Without including any pictures, reproduce all the lines below word for word.

————————

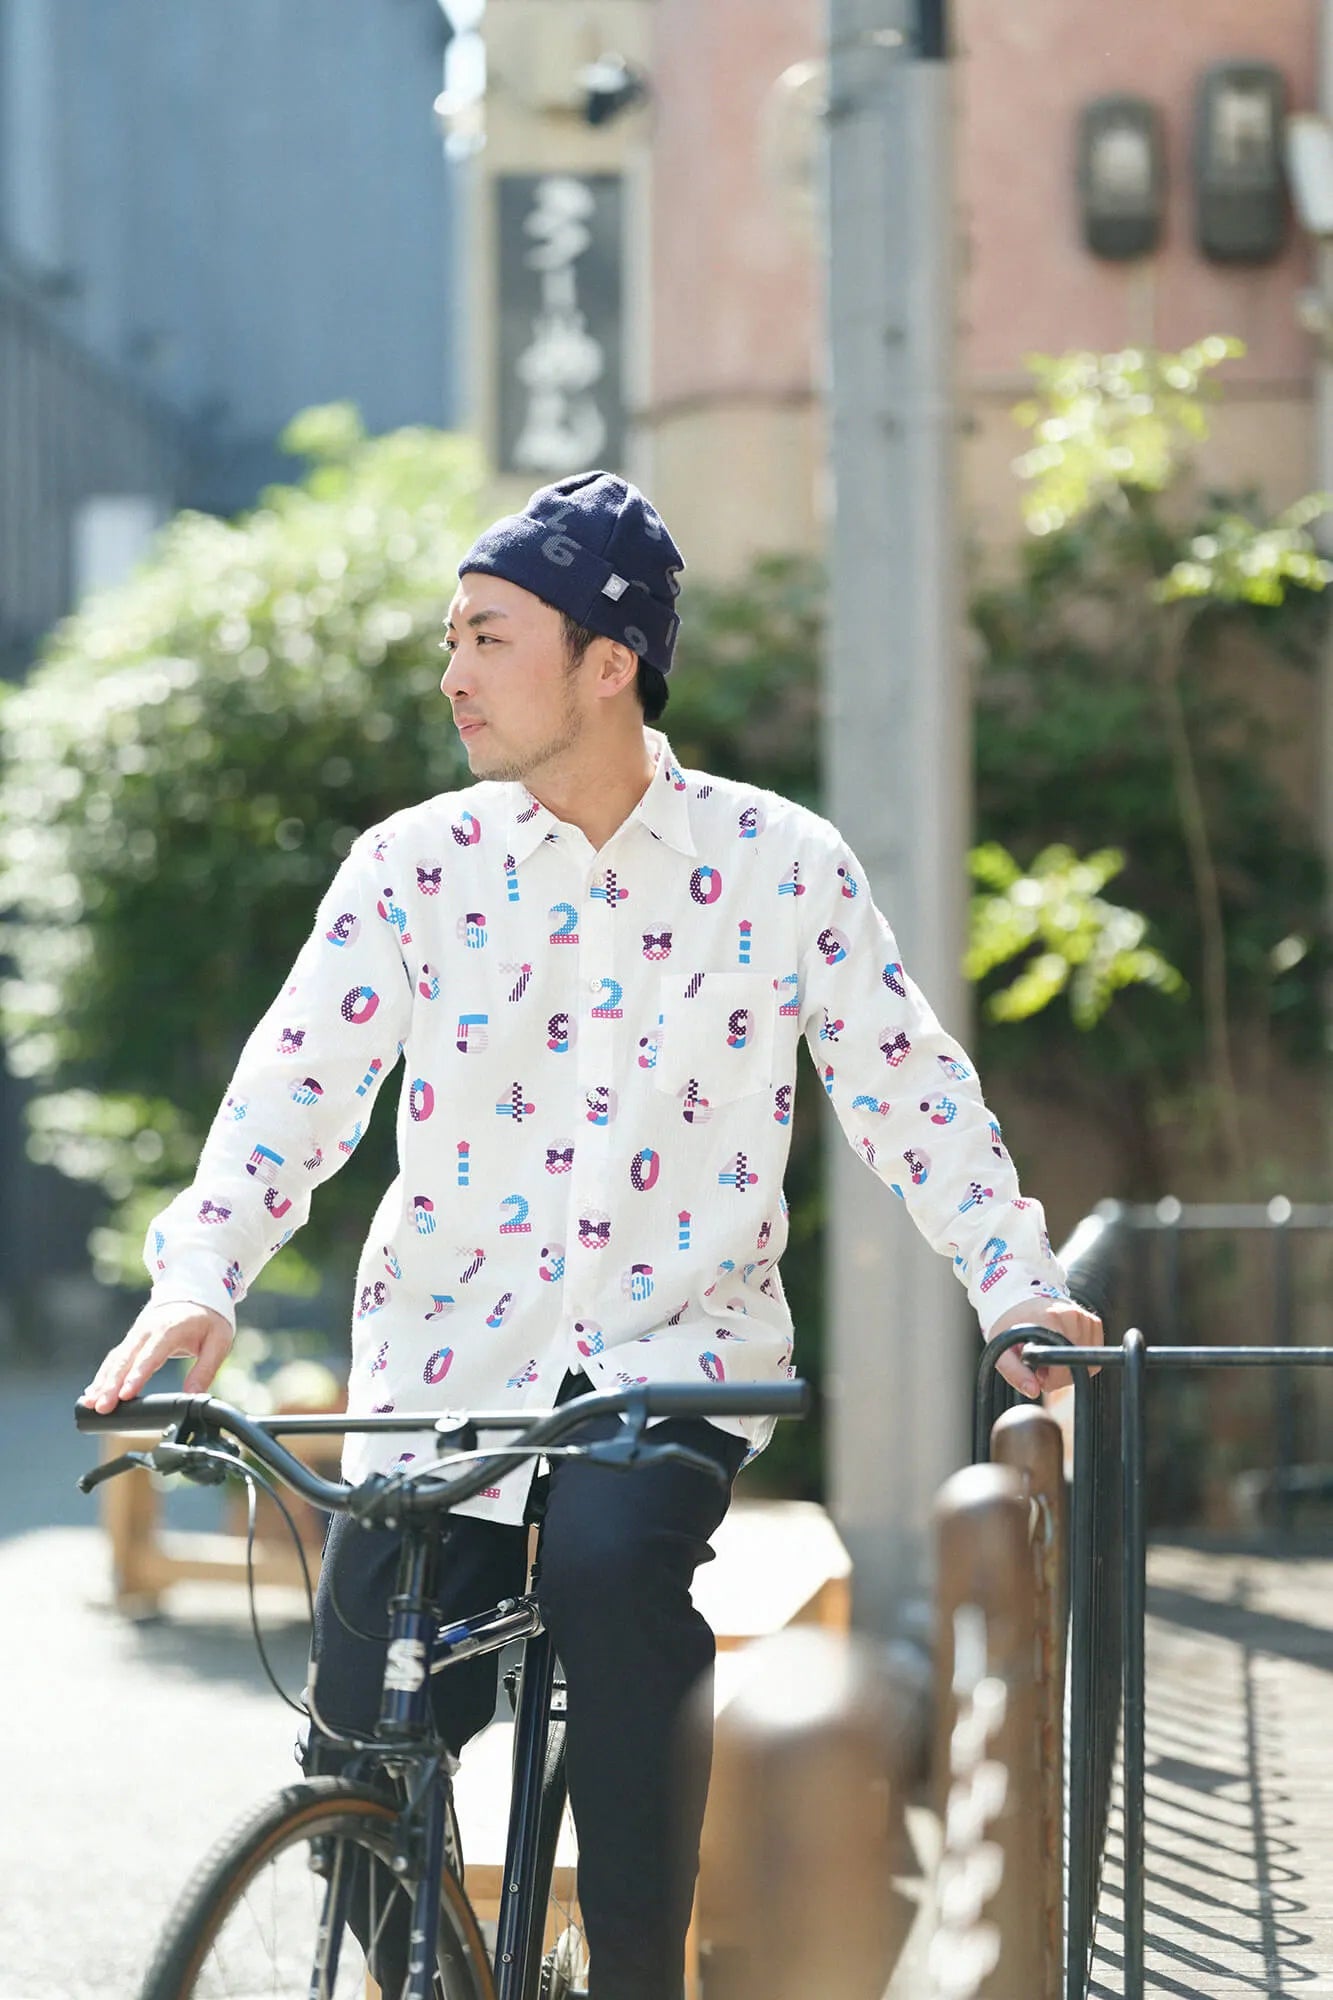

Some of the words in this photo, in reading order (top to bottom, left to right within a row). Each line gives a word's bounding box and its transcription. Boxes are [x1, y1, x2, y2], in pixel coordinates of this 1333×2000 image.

[690, 865, 722, 905] 0
[549, 902, 579, 944] 2
[341, 986, 380, 1024] 0
[592, 978, 623, 1018] 2
[496, 1082, 535, 1123] 4
[630, 1148, 660, 1191] 0
[718, 1152, 758, 1192] 4
[499, 1194, 531, 1234] 2
[423, 1347, 454, 1385] 0
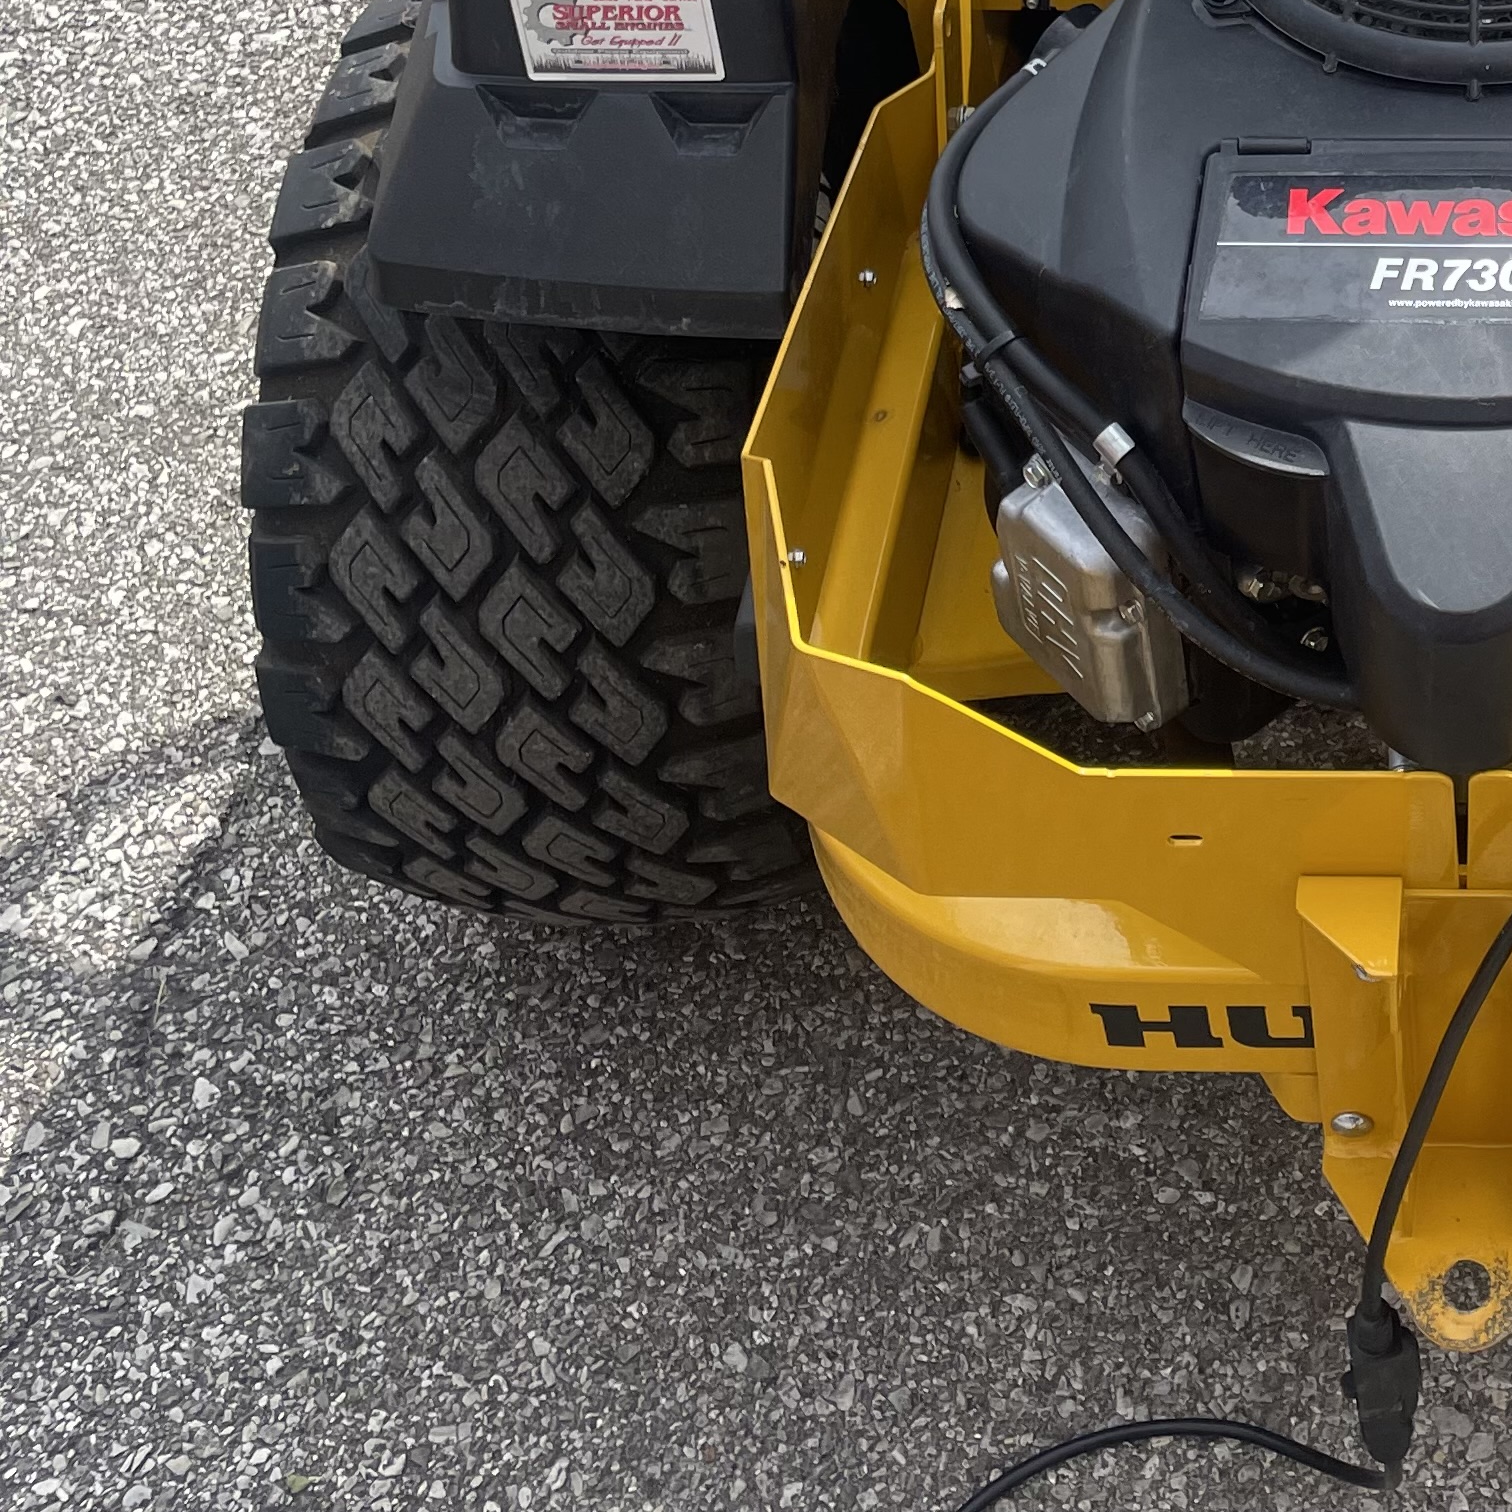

————————

> _Exercise output_
Some of the words in this photo, in reading order (top to bottom, left to right within a row). Each line gives a word's bounding box and its transcription. Boxes are [x1, y1, x2, y2], in pixel coordinates of this 1333×2000 image.

[690, 865, 722, 905] 0
[549, 902, 579, 944] 2
[341, 986, 380, 1024] 0
[592, 978, 623, 1018] 2
[496, 1082, 535, 1123] 4
[630, 1148, 660, 1191] 0
[718, 1152, 758, 1192] 4
[499, 1194, 531, 1234] 2
[423, 1347, 454, 1385] 0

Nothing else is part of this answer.